Vertiges de l’impatient

Elle peut arriver, maintenant. Tout est prêt pour le dîner d’anniversaire. Vraiment, il s’est organisé comme un chef : d’abord, il a réussi à éloigner sa belle pour l’après-midi, avec la complicité d’une amie. Puis il a pu se concentrer sur un planning exigeant : courses, fleuriste, cadeau, cuisine, vaisselle, décor, bien, il est dans les temps.  Douche. Rasé coiffé parfumé mais pas trop. Enfin, il a revêtu sa tenue préférée – non, elle n’est pas désuète, elle est vintage.
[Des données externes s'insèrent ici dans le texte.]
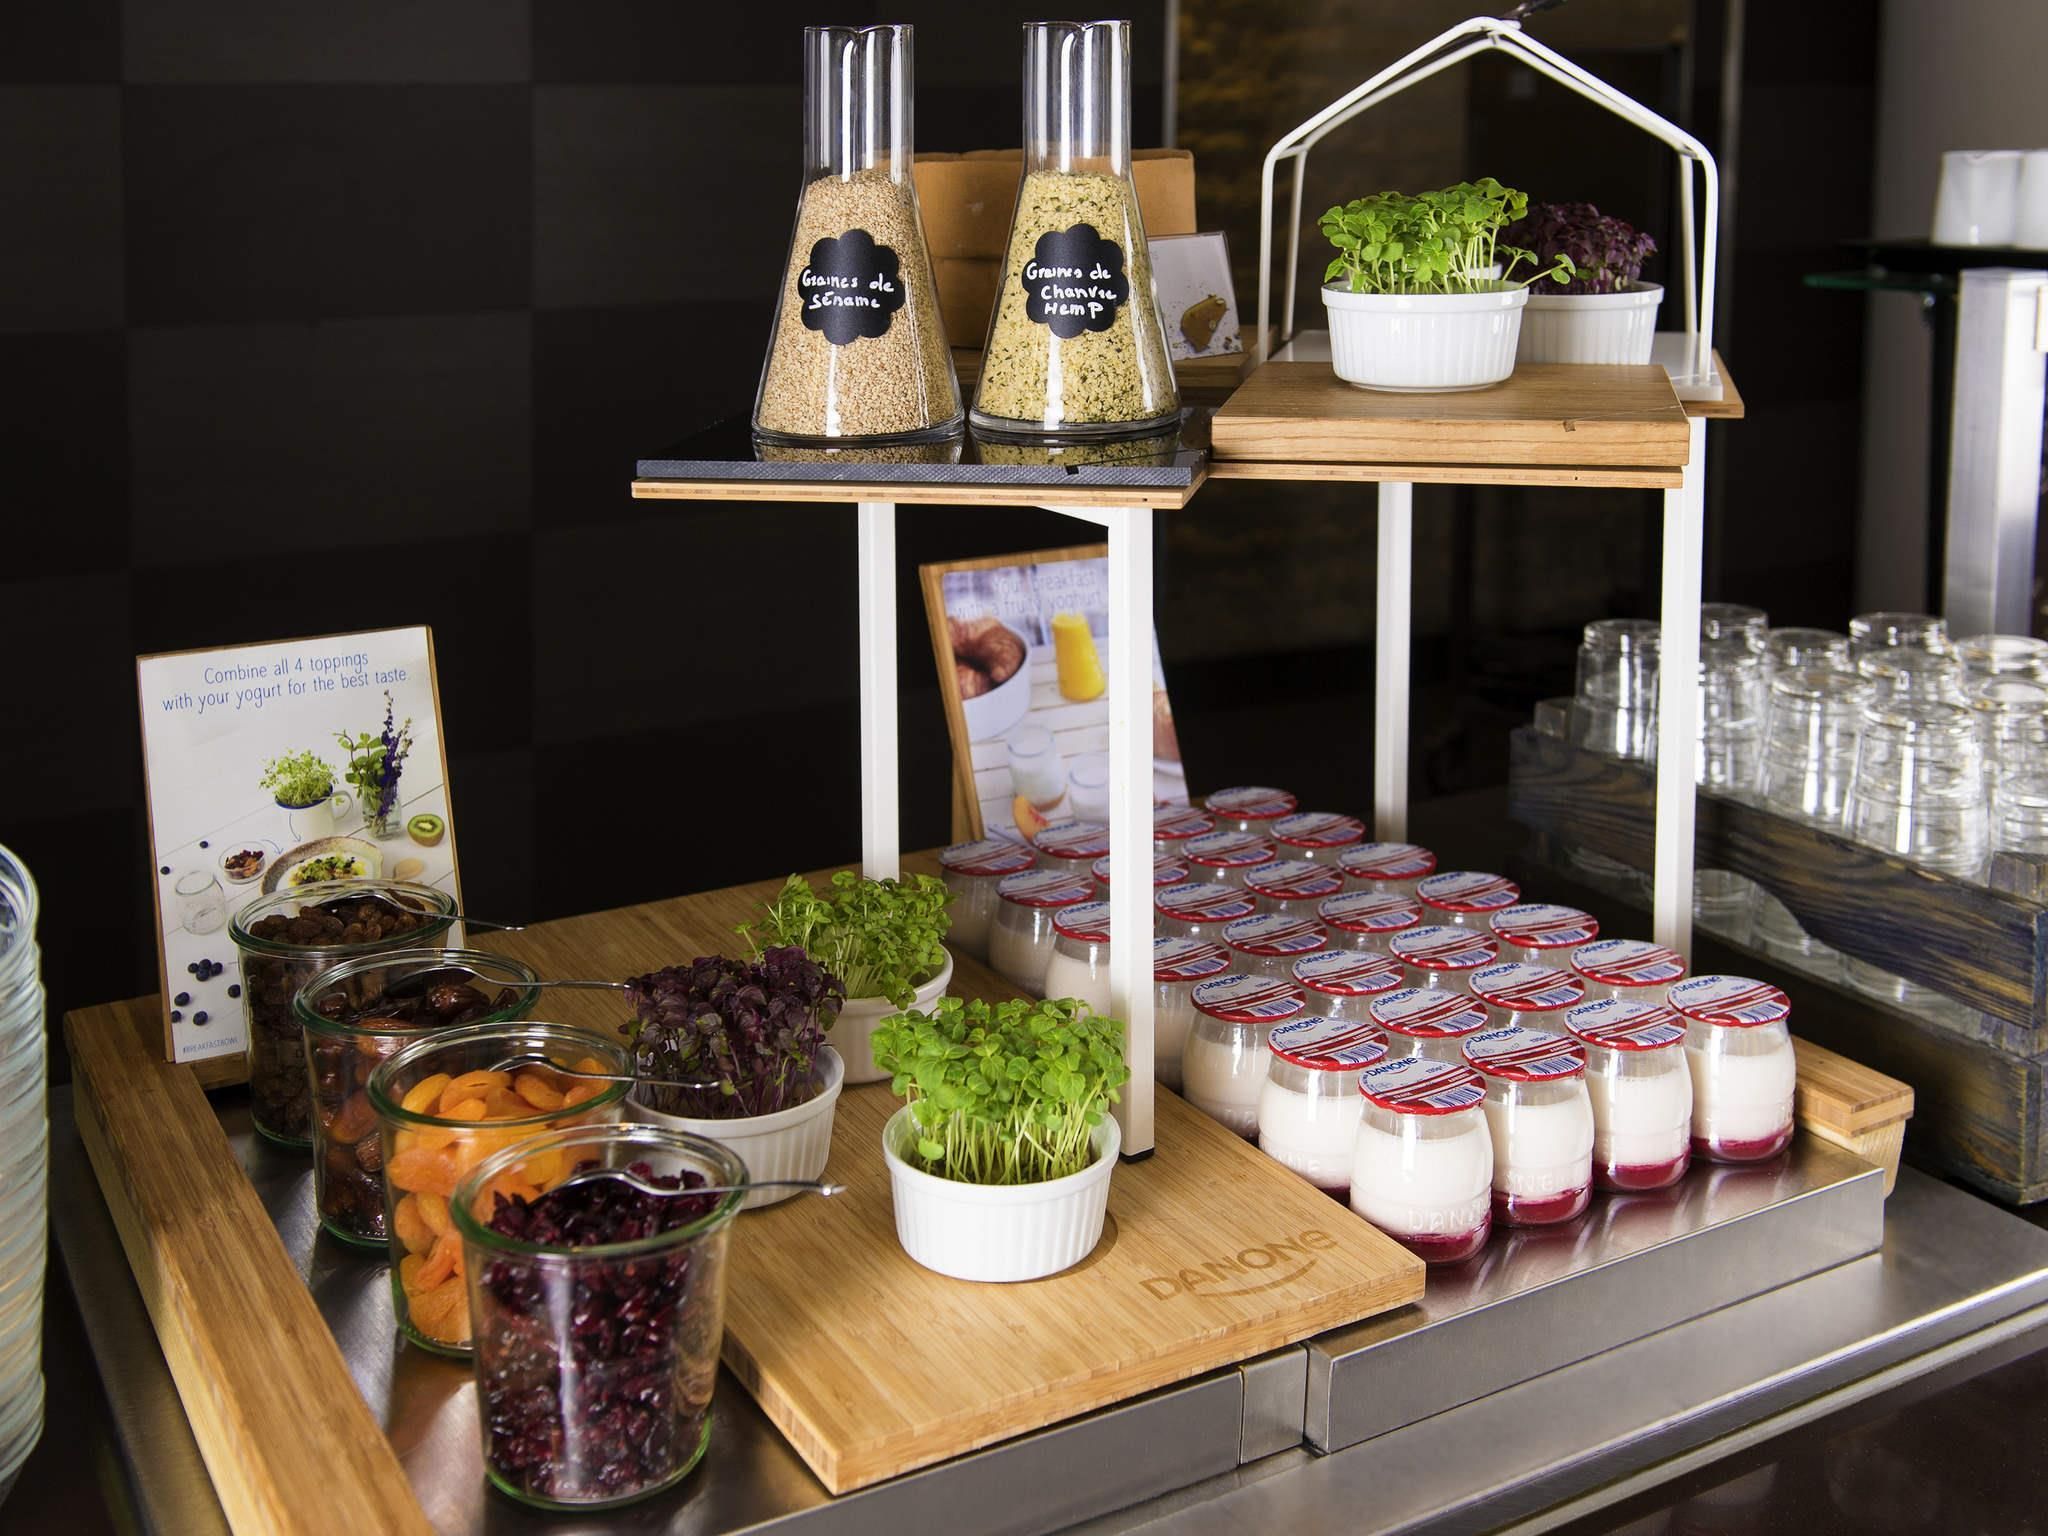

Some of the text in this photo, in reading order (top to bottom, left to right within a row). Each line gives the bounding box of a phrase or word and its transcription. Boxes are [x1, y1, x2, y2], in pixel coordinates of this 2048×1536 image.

[802, 269, 894, 292] Graines de
[1089, 262, 1111, 280] de
[1032, 568, 1096, 591] breakfast
[1048, 590, 1101, 613] yoghurt
[204, 653, 369, 684] Combine all 4 toppings
[162, 668, 407, 714] with your yogurt for the best taste
[1199, 974, 1250, 990] DANONE
[1375, 988, 1420, 1006] DANONE
[1569, 998, 1617, 1016] DANONE
[1275, 1016, 1324, 1034] DANONE
[1471, 1026, 1525, 1043] DANONE
[1366, 1057, 1419, 1077] DANONE
[1139, 1230, 1338, 1301] DANONE
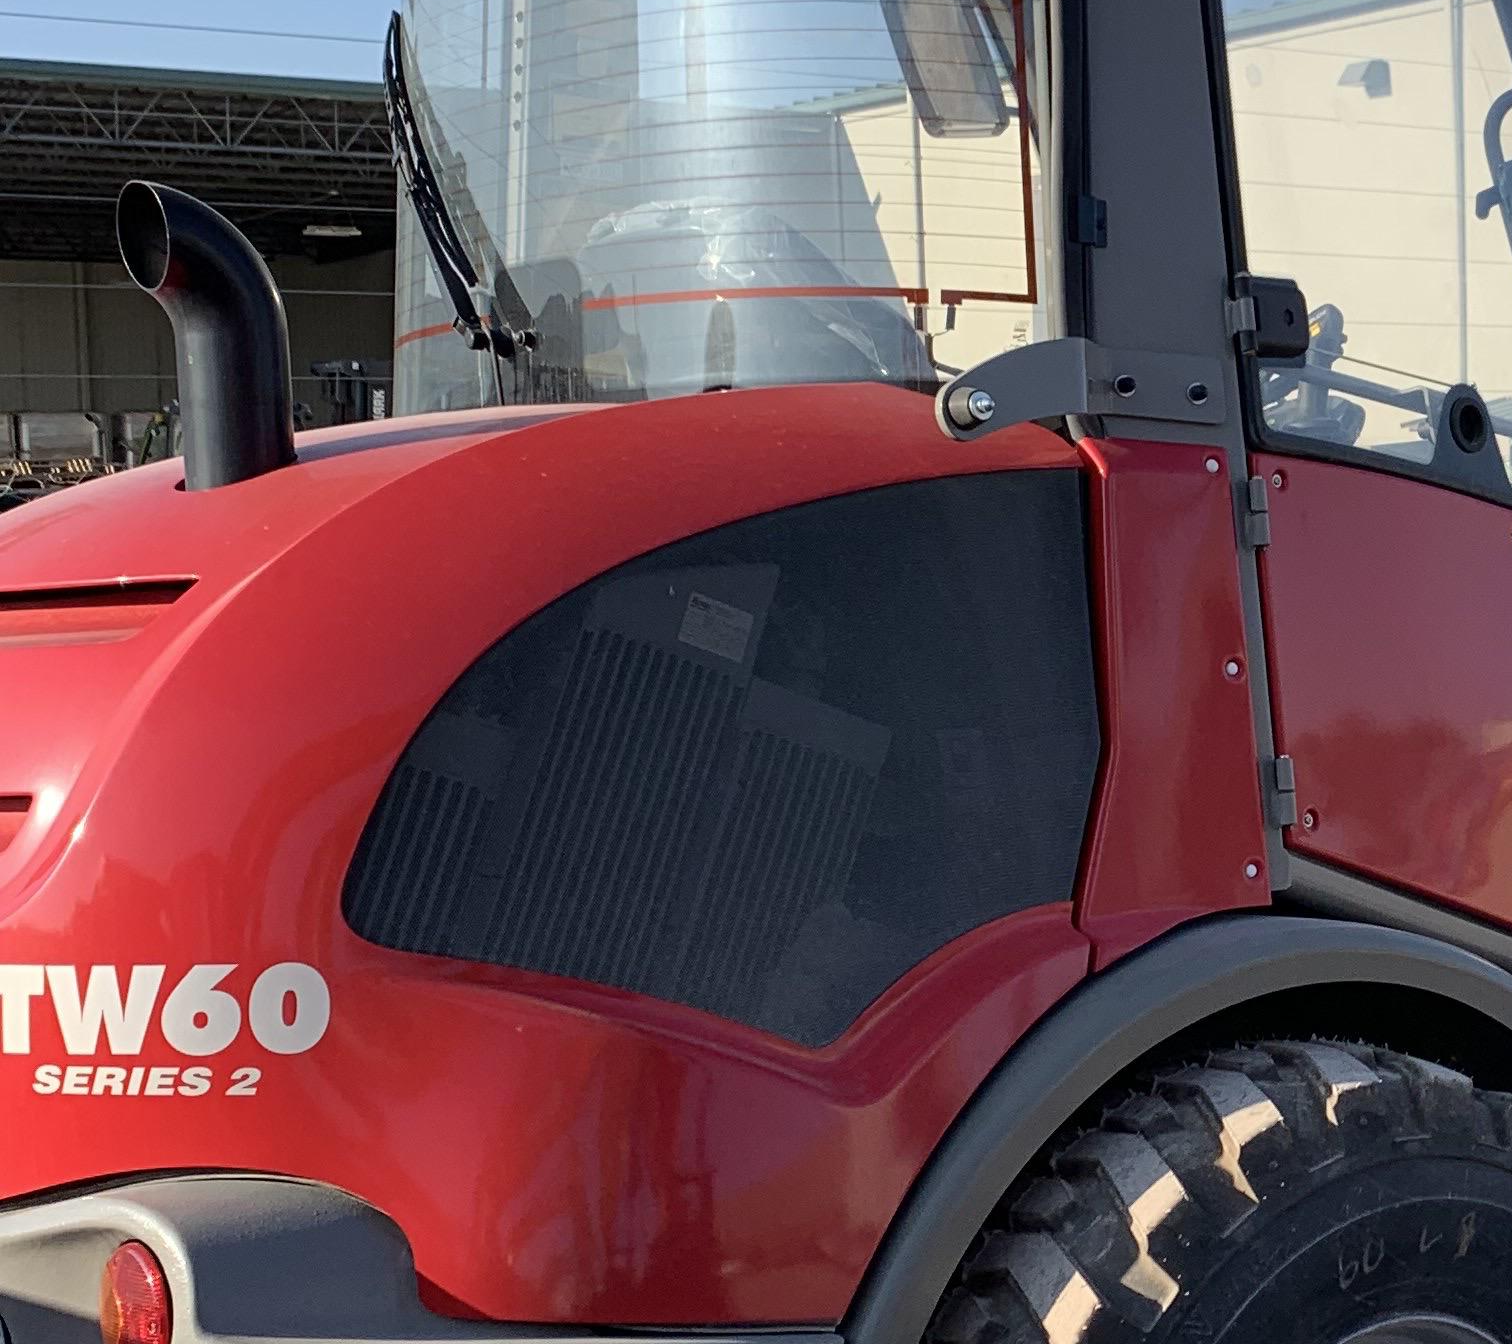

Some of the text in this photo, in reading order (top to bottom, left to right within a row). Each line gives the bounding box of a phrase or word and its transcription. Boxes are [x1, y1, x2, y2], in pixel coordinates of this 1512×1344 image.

[0, 962, 331, 1056] TW60
[32, 1065, 262, 1097] SERIES 2
Vérification panoramique, plus rien ne traine. Il hoche la tête, il contemple. Ça devrait lui plaire.

Si elle est dans un bon jour. Si son visage ne porte pas le masque qui est apparu depuis quelques temps ; depuis quelques mois, pour être honnête avec lui-même. Il essaie d’être lucide. Il a beaucoup lutté contre la lucidité.

C’est passager, je me fais des idées, ce doit être de ma faute, je ne me rends plus compte de ce que je suis. Son air affligé, sombre, fermé. Leurs discussions autrefois pétillantes,  devenues monologues parce qu’il ne veut pas entendre le silence. Dame ! Elle est (il se force à penser le mot) apathique. Ce qu’il peut détester ces journées-là. Il les a secrètement appelées les jours sans elle. Pas tous les jours, pas tout le temps, c’est pile ou face. Inattendu, imprévisible.

Un sursaut. Ne pas anticiper ce qui pourrait assombrir la soirée. Il verra, quand elle rentrera. Impatient de la surprendre et inquiet qu’elle ne réagisse pas, ou pas comme avant.

Il lui aura fallu du temps pour s’autoriser à se poser des questions. S’ennuie-t-elle ? Suis-je devenu à ce point soporifique ? Les yeux las, elle m’écoute ? Non, elle décroche, elle soupire. Ça y est, ma belle est lassée, le fameux étiolement programmé, ça devait bien arriver un jour.

Les soirées à sens unique confirmaient, lui semblait-il, son nouveau statut de vieux schnock. Pourtant, n’est-ce pas, quand les brumes disparaissent, ils continuent d’être heureux, de rire, de s’enlacer, de se taquiner... Tiens, ce matin, ça allait bien, hier aussi ! Les bons jours voilent sa peur. Non, ma belle n’est pas en train de s’éloigner.

Revue de détail. Lumières feutrées, table dressée dans les règles de l’art, assiettes dans leur couverture chauffante – à l’ancienne. Il ouvre la bouteille de vin, c’est un peu tard, la belle doit arriver.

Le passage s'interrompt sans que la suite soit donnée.